Kapadığım kapının şaşkınlığı ile nutkum tutuldu. Kapımızda televizyoncular vardı, kendi kendime olayın bizim düşündüğümüzden daha büyük olup olmadığını düşündüm. Dehşete kapılmış bir halde salona döndüm. Annem polislere dili döndüğünce olanları anlatmaya çalışıyordu. Salonda kesif tedirgin bir hava vardı. Hiç kimse kapıda kim vardı diye sormadı. Herkes öylesine şok halindeydi ki kimsenin aklından kapıya bir televizyon ekibinin gelmiş olabileceği geçmezdi.

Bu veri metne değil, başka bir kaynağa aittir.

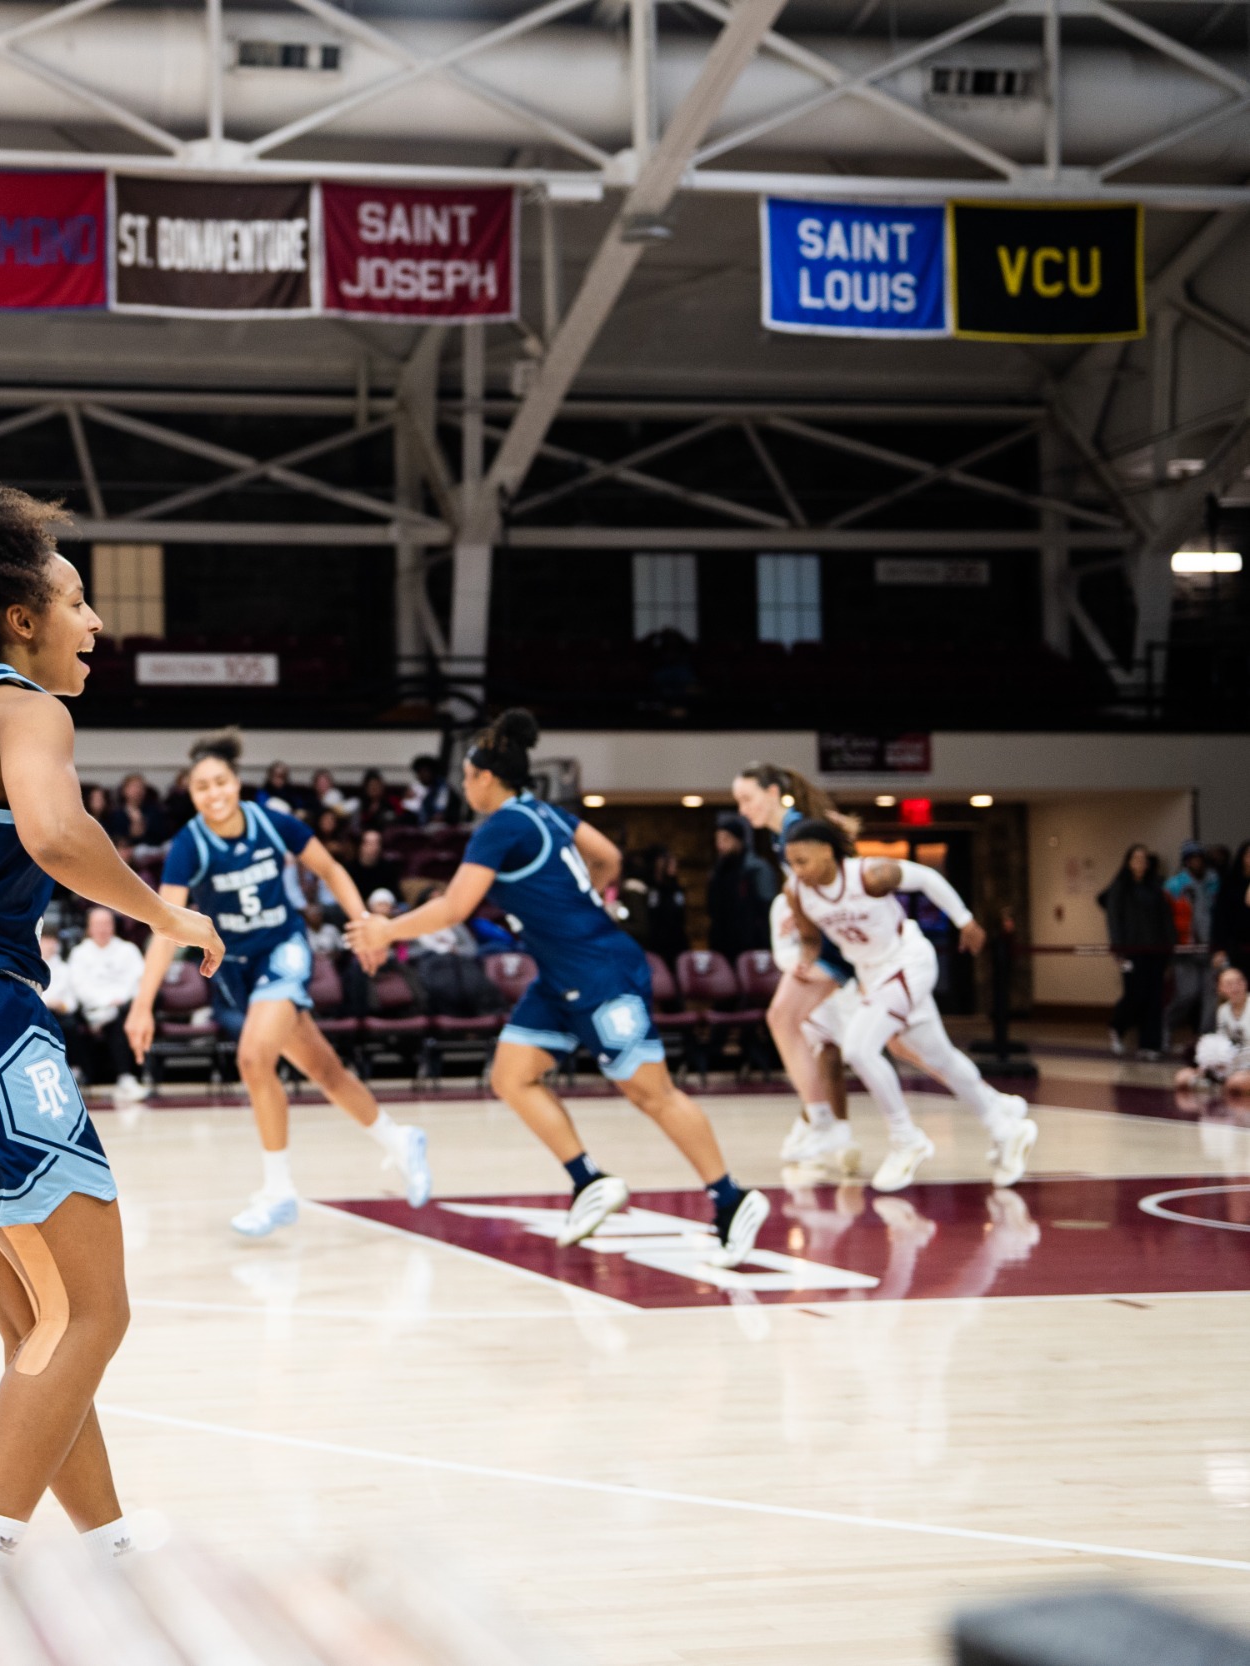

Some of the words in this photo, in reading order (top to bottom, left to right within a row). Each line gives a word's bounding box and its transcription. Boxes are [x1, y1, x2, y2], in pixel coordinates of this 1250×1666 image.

“…yemeğini yedi işte, arkadaşlarıyla oynamak için sokağa çıktı. Arkasından cama çıkıp baktım. Mahallenin çocuklarıyla bir araya gelip bir şeyler konuştular, ardından saklambaç oynamaya karar verdiler. Hatta önce bizim Uğur ebe oldu. Çocukların kaçışıp saklandığını gördüm. Banyodan çamaşır makinasının alarmını duyunca bıraktım içeri gittim.”
Son cümlesini son nefesini verir gibi tıkanmışçasına söylemişti annem. Annemin, o evi titreten kadının çaresizliğini ve pişmanlığını görüyordum karşımda. Biricik oğlu, evinin uğuru kayıptı. Benim olduğum yerde içim daralıyordu. Annemin gözlerinde niye bıraktım ki pencereyi, niye içeri gittim ki pişmanlığında bir ifade vardı.
“Hanımefendi kaç saat oldu kaybolalı?” dedi uzun boylu olan polis memuru.
Annemin konuşmaya gayret ederek daha çok üzülmesini istemediğimden ben konuşmaya başladım.
“İki saati biraz geçiyor. İki buçuk saat falan yani.”
“Siz neredeydiniz Uğur sokağa çıktığında?” dedi diğer polis memuru.
“Odamdaydım. Telefonuma bakıyordum.”
Yine bir sessizlik oldu. Temmuz ayı tüm sıcaklığı ile sokakları, sundurmaları, evlerin içlerini bunaltmaya başlamıştı. Sıcak ve sessizlik dayanılmaz bir baskı yaratıyordu.
Tekrar kapı çaldığında, öfkelendim. Doğruca kapıya yöneldim. Kapıyı açtığımda karşımda yine o televizyoncu kızı göreceğimi sandım. Kapıyı açtığımda karşımda babam duruyordu.
“Ne oldu? Uğur’a bir şey mi oldu?” dedi babam. Kızgınlığını bastırmaya çalışıyordu. Bu halini biliyordum. Öfkesi patlamadan az evvel böyle kendisini soğutmaya çalışır, kontrolü bir an kaybedince öfkeden deliye dönerdi. Ayakkabılarını çıkartıp içeri geçtiğinde polisi gördü. Sonra annemi gördü yattığı yerde. Annem koltuktan kalkamadı, başını kalkmak ister gibi uzattı ama nafile. Ne kuvveti vardı ne mecali…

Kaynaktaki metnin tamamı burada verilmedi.